№3, 2006/Заметки. Реплики. Отклики

Современная русская литература Средней Азии: случай многослойного отражения

 Статья представляет собой переработанный вариант доклада, прочитанного на международном конгрессе «Русская словесность в мировом культурном контексте» (14 – 19 декабря 2004 года, Москва).

Хотя заглавия должны прояснять смысл текста, которому они предпосланы, иногда они сами нуждаются в некотором прояснении.

Действительно, почему мы обозначили в заглавии: «русская литература Средней Азии», а не «русская литература в Средней Азии»? (Или даже «русскоязычная»?) Может ли «русская литература» быть связана – не обстоятельством места – а именно родительным падежом с чем-либо, кроме «России»?

Пусть словосочетание «русская литература России» звучит тавтологией. Но «русская литература Франции» (Прибалтики-США…) – это уже оксюморон.

Вернемся, однако, к Средней Азии и ее литературе. Речь идет о литературе, которая на протяжении почти всего прошлого столетия маркировалась как часть «советской многонациональной». Этот терминологический кентавр – «советская многонациональная литература» (вероятно, «советский» – выше пояса и «национальный» – своей зоологической частью) – был «кентавричен», дуален и по своему наполнению. Он объединял, с одной стороны, авторов, живших в России, но писавших не на русском (а на башкирском, аварском и т. д.), а с другой стороны, – тех, кто писал по-русски, проживая в «национальных республиках». Объединение это было, конечно, искусственным, а объединяемая группа – крайне разношерстной, но литература (в отличие от школьного предмета с тем же названием) вообще, как известно, сопротивляется классификациям.

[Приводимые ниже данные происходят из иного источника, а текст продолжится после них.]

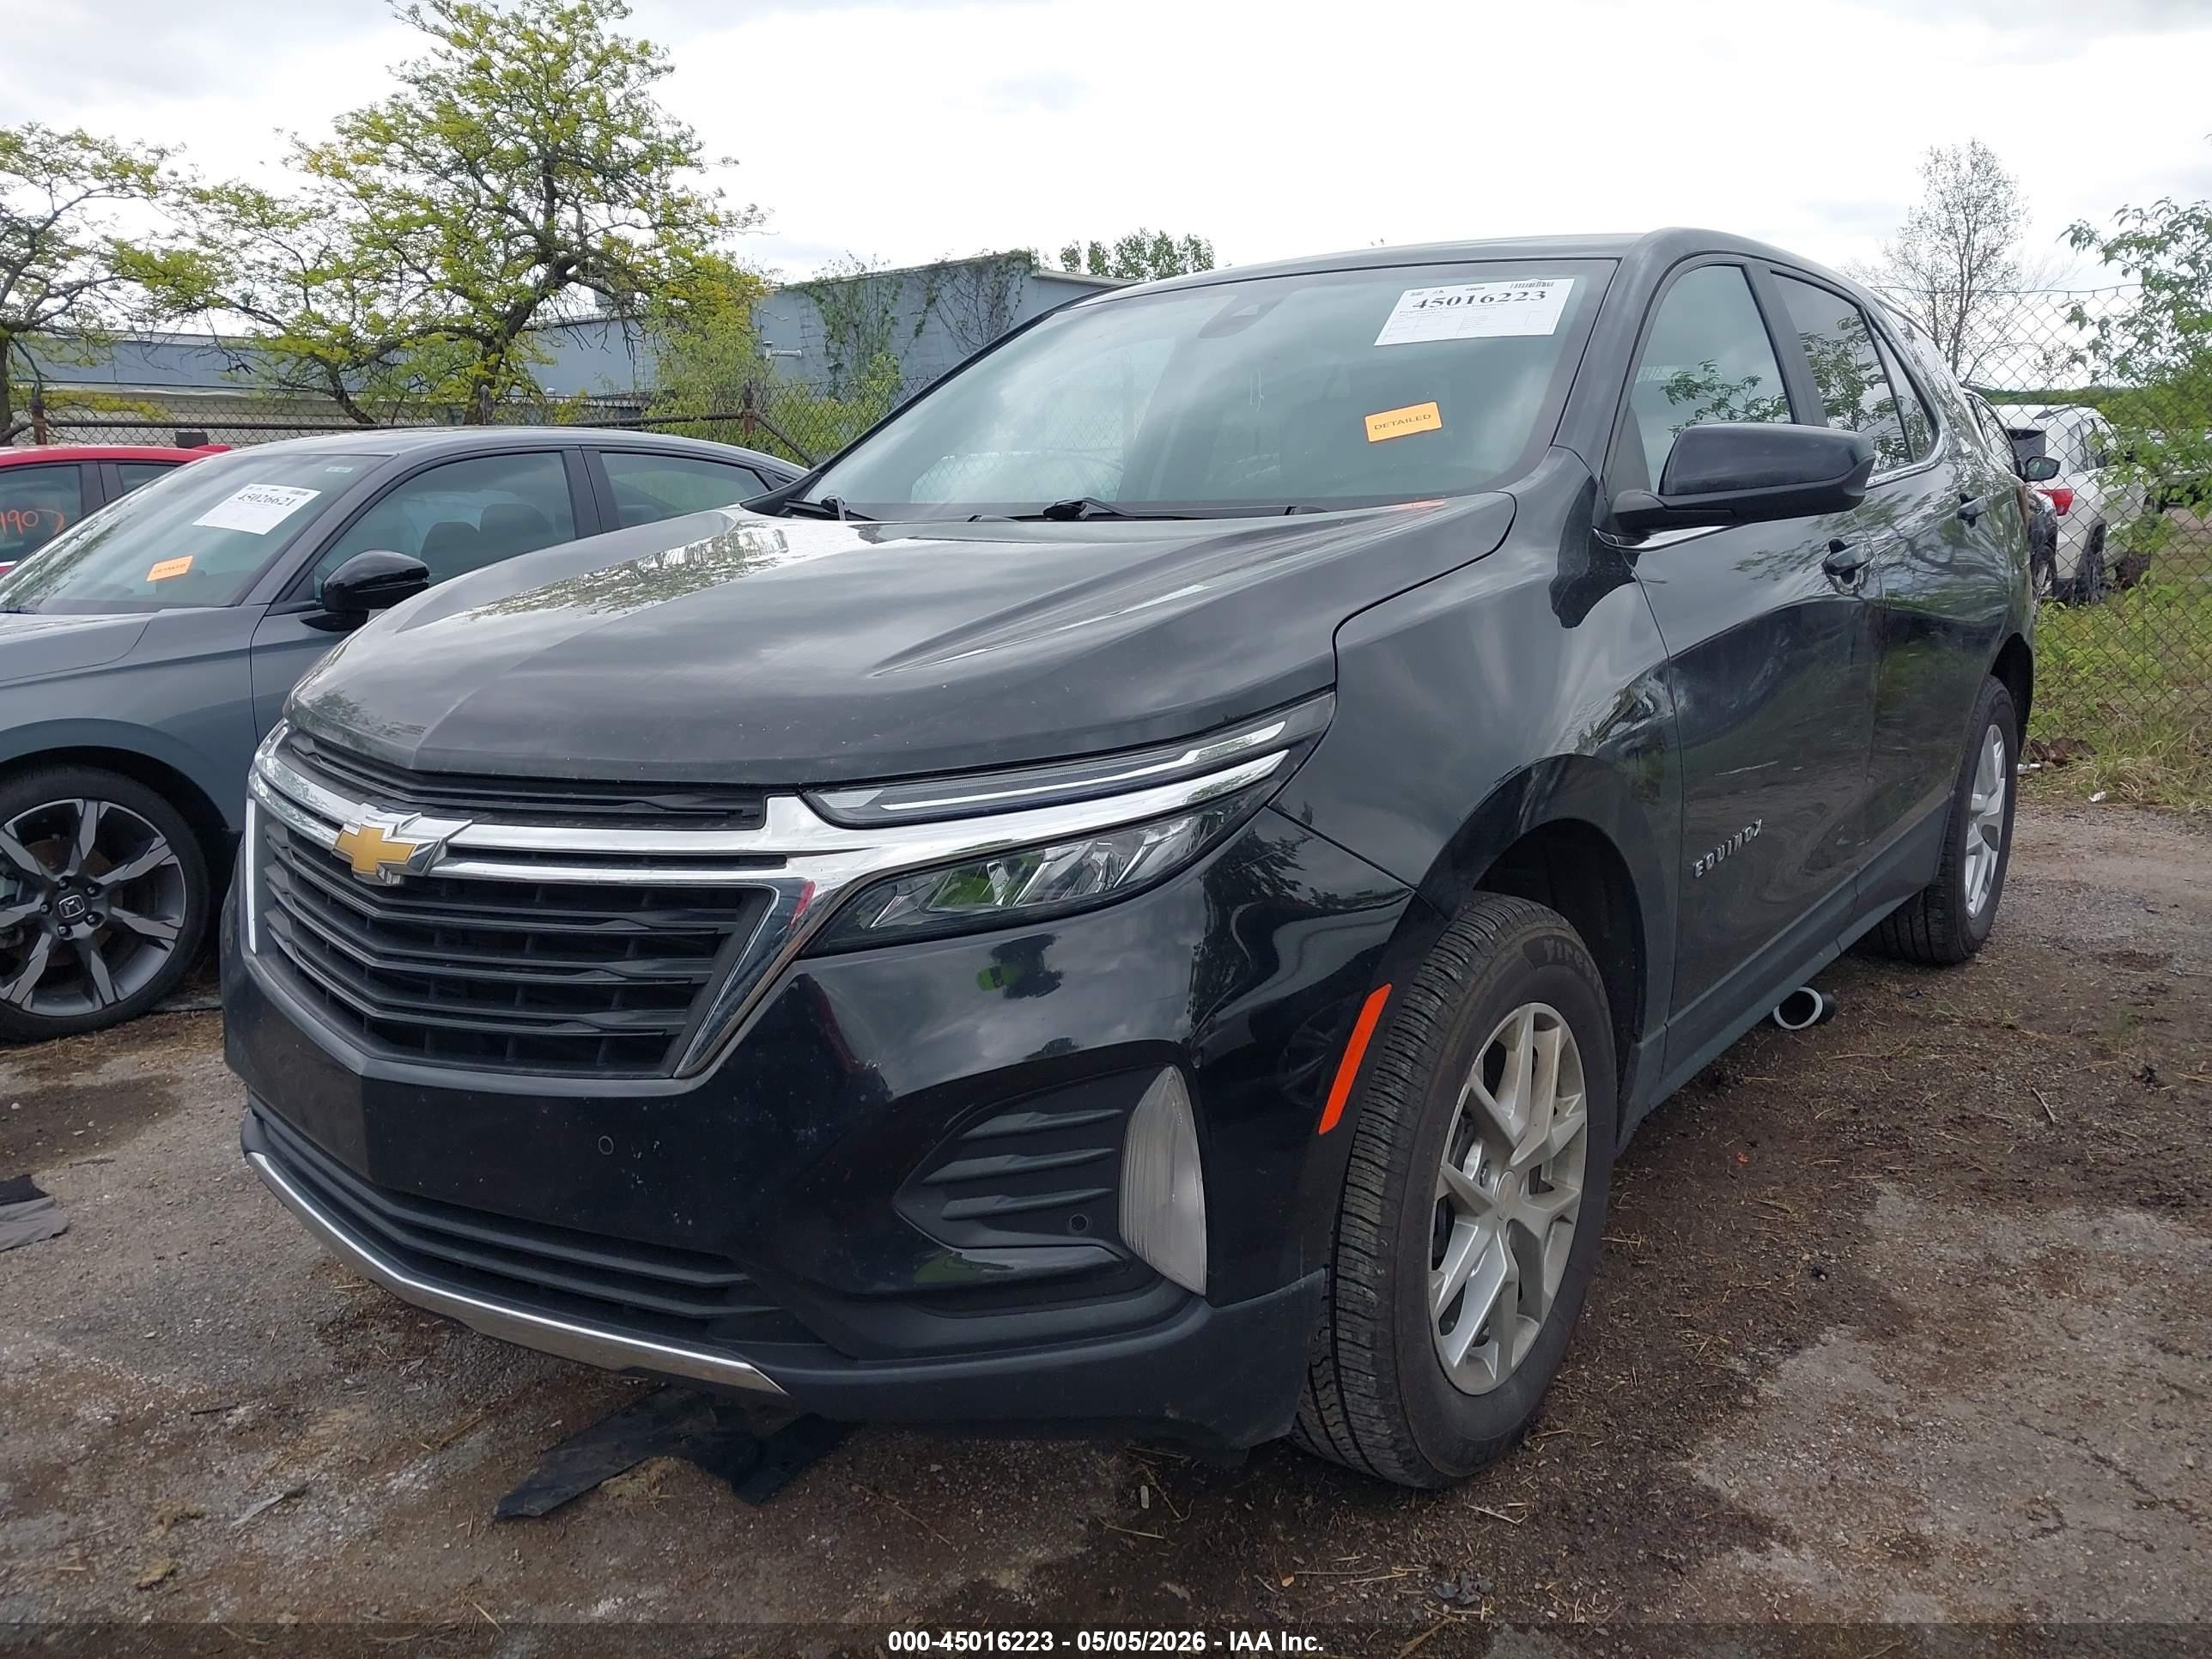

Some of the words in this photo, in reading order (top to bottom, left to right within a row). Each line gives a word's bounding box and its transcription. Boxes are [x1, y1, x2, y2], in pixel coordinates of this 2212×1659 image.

[1412, 290, 1547, 310] 45016223
[1373, 413, 1432, 430] DETAILED
[237, 492, 298, 507] 45026621
[1692, 817, 1763, 878] EQUINOX

После 1991 года слово многонациональный вначале исчезло, а потом возродилось в виде «юнескизма»полиэтнический, но уже без всякой привязки к литературе. Одним из результатов этой идеологической алхимии стало то, что эта экс-многонациональная литература оказалась терминологически голой. То есть, конечно, не только терминологически, но и финансово, и организационно – но терминологическая голизна особенно била в глаза, поскольку далеко не все писатели, писавшие по-русски, ощущали себя русскими писателями.

Известно, что сходные проблемы с идентичностью переживала на протяжении почти всего XX века русская литературная эмиграция. Но в случае с писателями-эмигрантами литературная идентичность выстраивалась в оппозиции с одной стороны – официальной советской литературе, а с другой – литературе той страны, в которую они эмигрировали (американской, французской и т. д.). Называя себя «русскими литераторами», писатели и поэты эмиграции тем самым подчеркивали свою прямую связь с классической, досоветской русской литературой, фиксировали свое отличие от окружавшей их «нерусской» словесности и, напротив, общность с другими писателями-эмигрантами из СССР, живущими и пишущими в других странах Запада.

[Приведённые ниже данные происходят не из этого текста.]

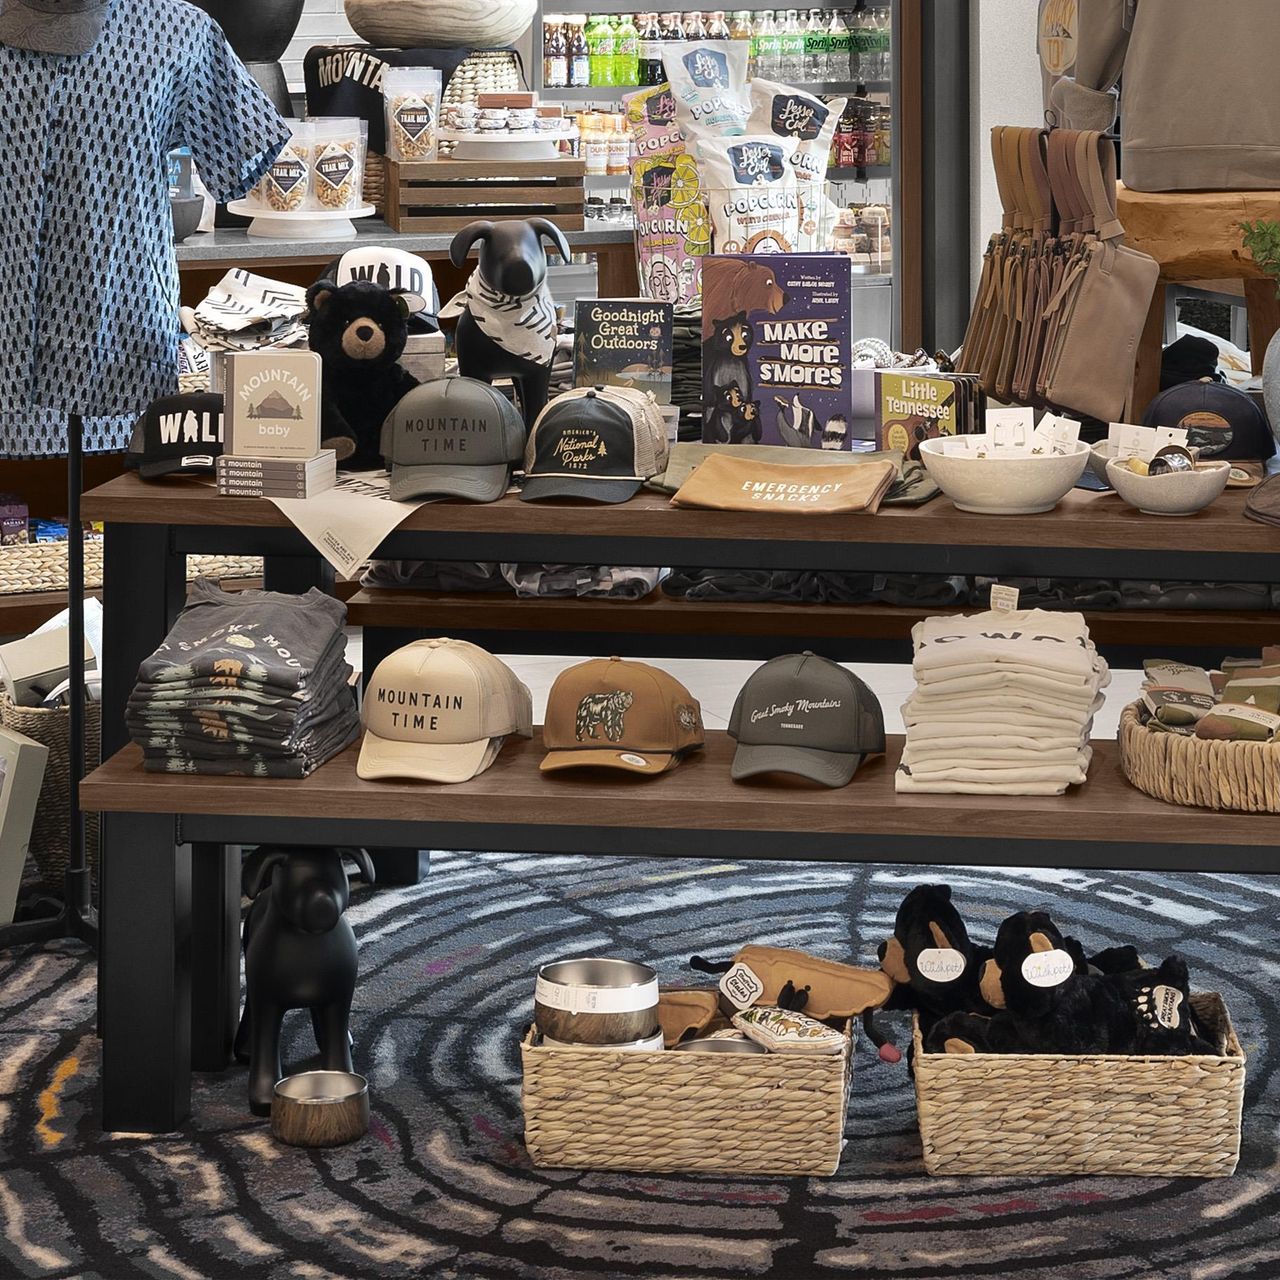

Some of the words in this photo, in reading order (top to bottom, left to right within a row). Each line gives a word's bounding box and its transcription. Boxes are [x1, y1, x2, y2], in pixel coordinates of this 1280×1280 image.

[779, 99, 814, 119] Lesser
[400, 114, 416, 123] TRAIL
[416, 115, 428, 123] MIX
[785, 118, 808, 132] Evil
[740, 145, 771, 168] Lesser
[272, 168, 288, 177] TRAIL
[289, 168, 301, 176] MIX
[321, 162, 337, 172] TRAIL
[338, 161, 350, 170] MIX
[747, 159, 770, 175] Evil
[723, 192, 798, 217] POPCORN
[591, 306, 665, 325] Goodnight
[599, 322, 640, 337] Great
[591, 336, 659, 351] Outdoors
[239, 369, 312, 402] MOUNTAIN
[901, 378, 937, 402] Little
[886, 396, 950, 421] Tennessee
[258, 423, 291, 438] baby
[405, 417, 488, 433] MOUNTAIN
[421, 438, 467, 453] TIME
[553, 435, 598, 457] National
[228, 461, 262, 469] mountain
[562, 452, 596, 466] Parks
[229, 470, 263, 478] mountain
[229, 478, 263, 487] mountain
[741, 480, 842, 494] EMERGENCY
[229, 488, 263, 496] mountain
[751, 492, 822, 503] SNACKS
[178, 623, 260, 651] SMOKY
[377, 686, 463, 711] MOUNTAIN
[769, 702, 795, 717] Smoky
[795, 698, 841, 713] Mountains
[391, 711, 439, 732] TIME

Что же касается ситуации с литераторами бывших советских республик после 1991 года, то ни один из упомянутых выше ресурсов идентичности в ней не мог быть задействован. Этим авторам не нужно было противопоставлять себя «советской литературе», поскольку последняя была уже дискредитирована в конце 1980-х и упразднена в начале 1990-х. Но в большинстве столиц и крупных городов бывших союзных республик сохранялось двуязычие (украинско-русское, казахско-русское…), что ослабляло необходимость в самоидентификации тех, кто писал на русском, именно в качестве русских литераторов.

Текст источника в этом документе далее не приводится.